PBS Airs Special on Sickle Cell Disease

Health Choices
Sickle Cell Anemia…Battling Pain
Airing Nationally on Public Television – February 2004 

For more information or to order a tape ($29.95) please contact:
Melissa Butler
(203) 221-0888 · melissabbutler@aol.com
** PLEASE MENTION THE CODE "SCDAA" WHEN ORDERING TAPES

Many diseases are most common in certain ethnic groups, which is often a complicating factor when it comes to understanding that disease and then treating and managing it. A particularly stark example is sickle cell anemia, a chronic disease that primarily affects African-Americans in the United States. Management of this disabling condition often runs headlong into prejudice, a lack of financial resources and some difficult social and medical realities.

In this one-hour program, Health Choices will take a look at people who suffer from sickle cell anemia, their families and caregivers. What causes sickle cell? What are the health problems caused by this genetic disease? How is it treated and what are prospects for a cure? And we will look at the primary symptom sickle cell patients must deal with – pain – the many strategies used to treat this chronic pain and some of the social and economic problems that can stem from it. Do some physicians decline to prescribe opium-based pain medications to sickle cell patients because of their color or social status? Are sickle cell patients under-treated due to lack of education and misconceptions about the disease? The use of opioids for pain - controversial from the days doctors prescribed laudanum in the 19th century to the current concern about oxycontin - what economic and social realities do sickle cell patients face when they must use these medications on a daily basis?

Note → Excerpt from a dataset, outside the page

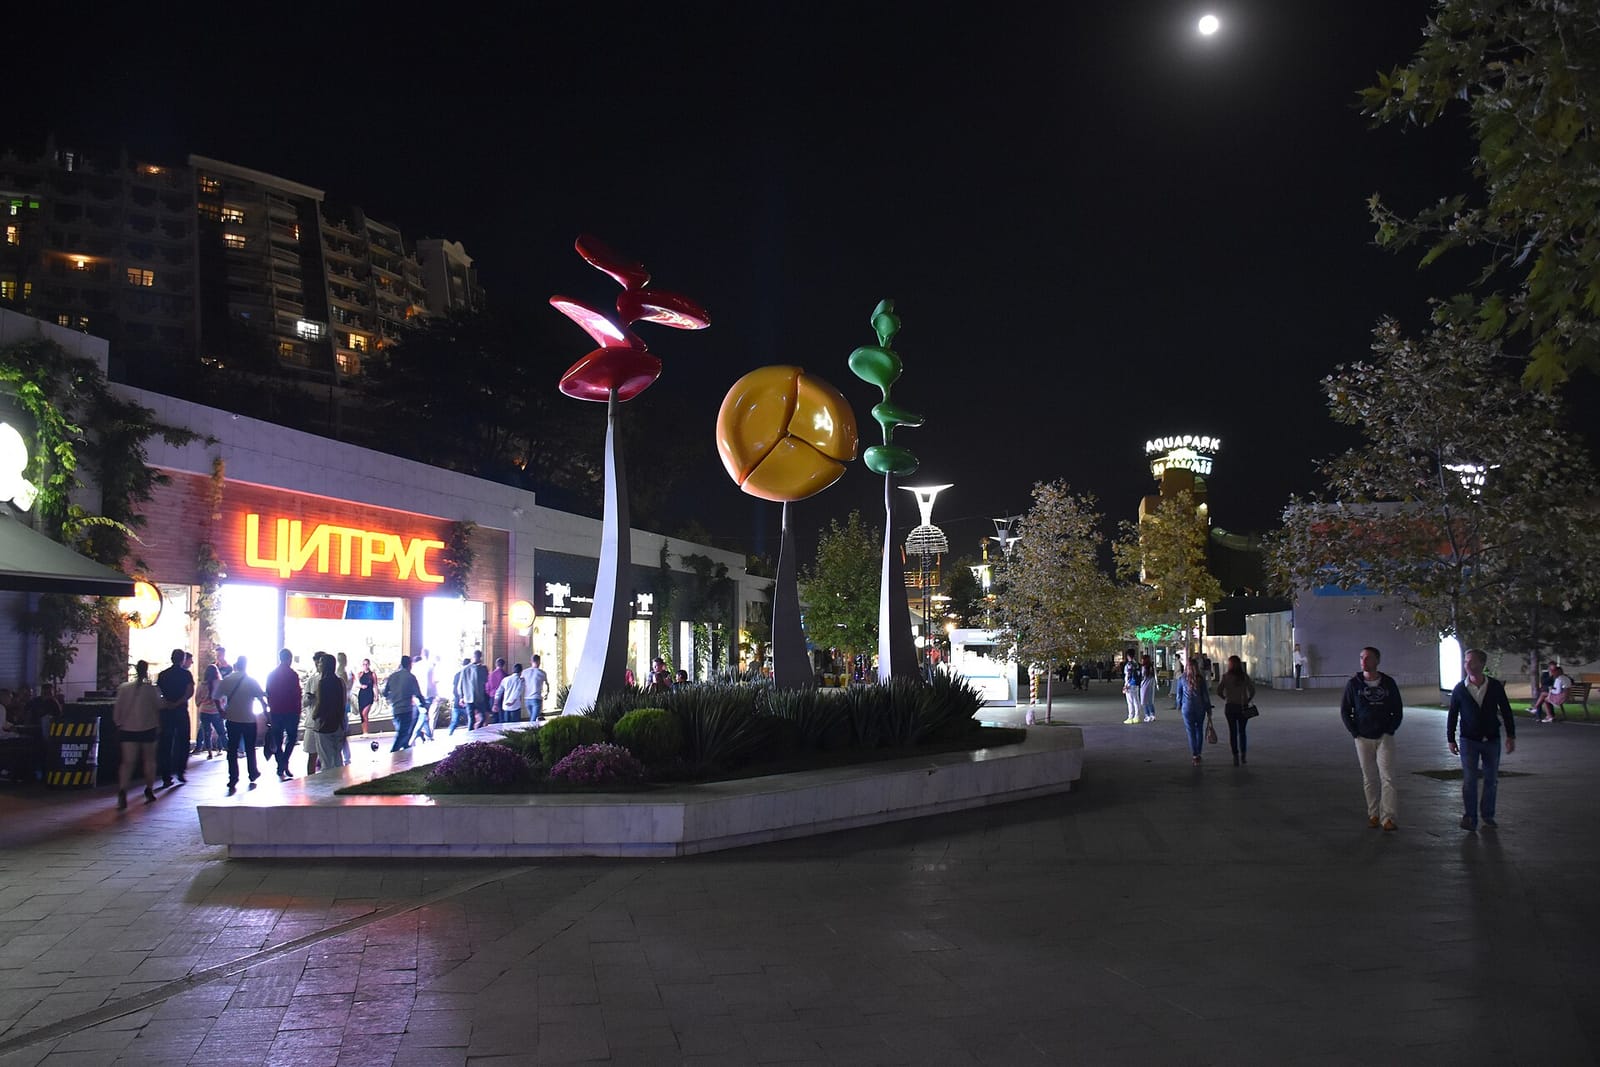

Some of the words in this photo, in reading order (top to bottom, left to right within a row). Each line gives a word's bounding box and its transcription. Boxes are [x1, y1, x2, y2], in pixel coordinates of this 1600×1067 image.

[1146, 435, 1220, 453] AQUAPARK
[1153, 459, 1212, 475] HAWAII
[246, 514, 445, 583] ЦИТРУС

Host Dr. Howard Torman guides us through this hour with the help of actor and writer Ossie Davis, who has worked for 50 years to better educate not just the African-American community, but all Americans, about this serious disease which affects some 70,000 people and a source of concern for the over 2 million others, who have the sickle cell trait that could be passed on to their children.

This Health Choices program is an awareness project. Research and information was developed in collaboration with Dr. Russell K. Portenoy, Chair of the Department of Pain Medicine and Palliative Care at Beth Israel Medical Center of New York.